I got donuts in class today - our teacher had bet us that we couldn't do an assignment without making a certain mistake, and promised to bring us donuts if we did. Promise me sugary treats, and I turn into a little kid. At least I managed to eat it without smearing the cream filling (!!!) all over my face. At least I think I did.
Also, I like glazed and poofy better than cake-style donuts.
This has been such a long week, and I'm not really sure why. It's the middle of winter, it's snowing all the time (no one warned me that getting snow up my nose was a danger of coming to school up here) it's gray and gloomy all the time. Falling snow, though, is so beautiful - all the little white specks in the sky reflecting light, swirling and falling and rising and dancing like wild bacchants, unpredictable and so light-seeming and floating and so many of them. I performed in studio class, a piece by a German composer dedicated to a Spaniard based on Scottish themes. My practicing, though, has been haphazard.
One of the students set off the fire alarm Wednesday night by cooking bacon. I had just finished showering, and put on clothes and grabbed my shoes and coat and instrument and shivered in the cold for a while. Watching all the people coming out of the building was like an anthill that had gotten kicked in - people were running up and down the stairs, coming out of their rooms then going back in and grabbing something - an instrument, warmer clothes, keys, wallet - and running out and then huddling in a mass outside the building. Without my contacts, everyone looks more or less the same - I'm only able to pick out my friends by their relative heights and builds as they cluster together.
I wish I had a vacuum cleaner of my own. I borrowed a friend's tonight, and dusted and vacuumed my room, and then borrowed another friend's Swiffer and mopped the floor. It feels so nice to have the room clean.

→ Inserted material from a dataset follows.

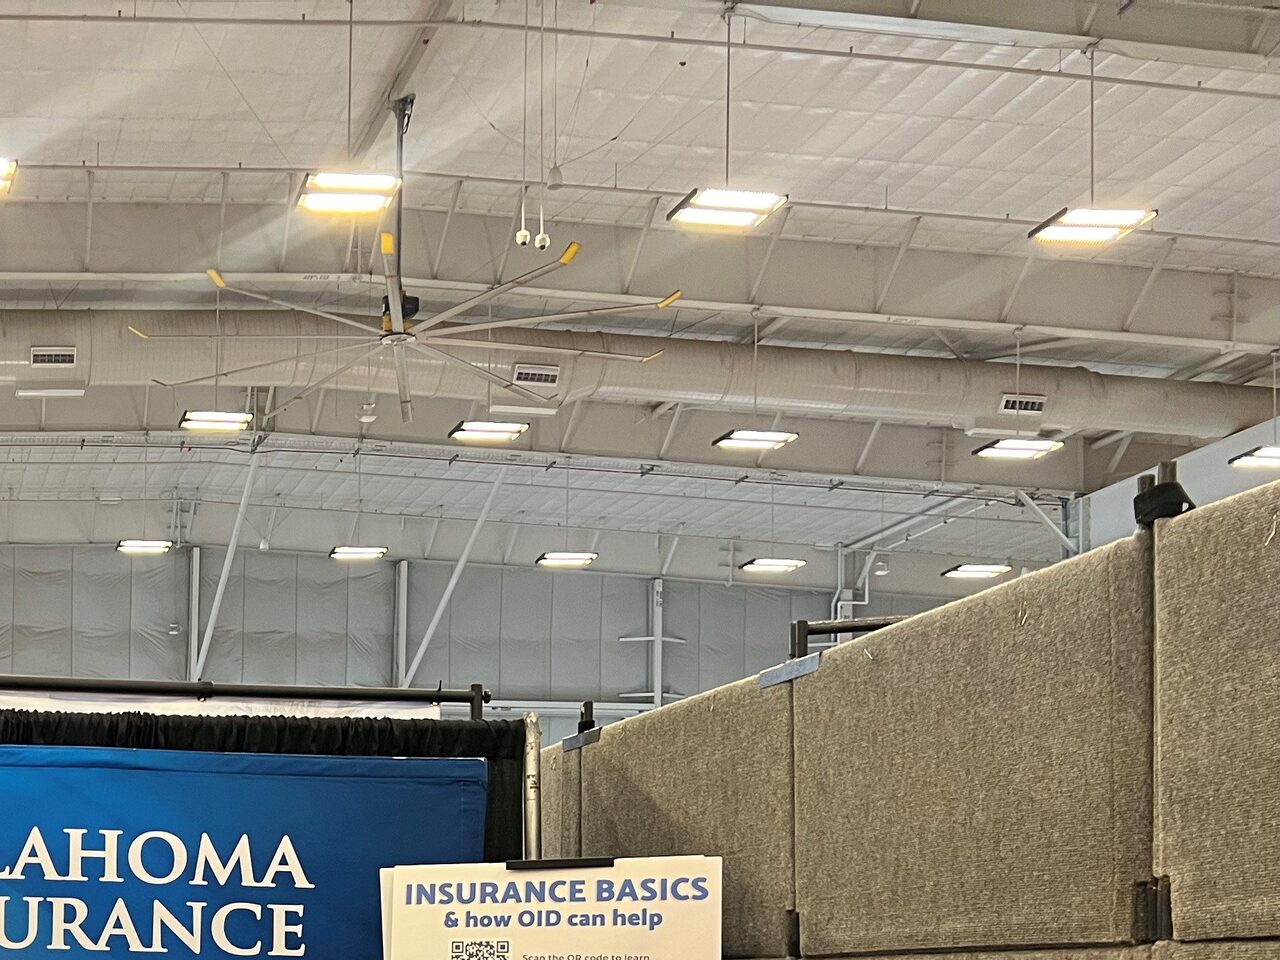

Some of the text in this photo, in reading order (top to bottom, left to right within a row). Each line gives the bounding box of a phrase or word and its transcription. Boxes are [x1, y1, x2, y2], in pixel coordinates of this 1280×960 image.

I lost my colored pencils the other day, the day I went to a visiting artist's recital which was probably one of the best performances I've ever seen. Everything about the performance - how she moved, her facial expression, the way she put her bow on the string - everything created the perfect atmosphere in which the music could exist. Her playing, of course, was superb. I wish I could find my pencils, though.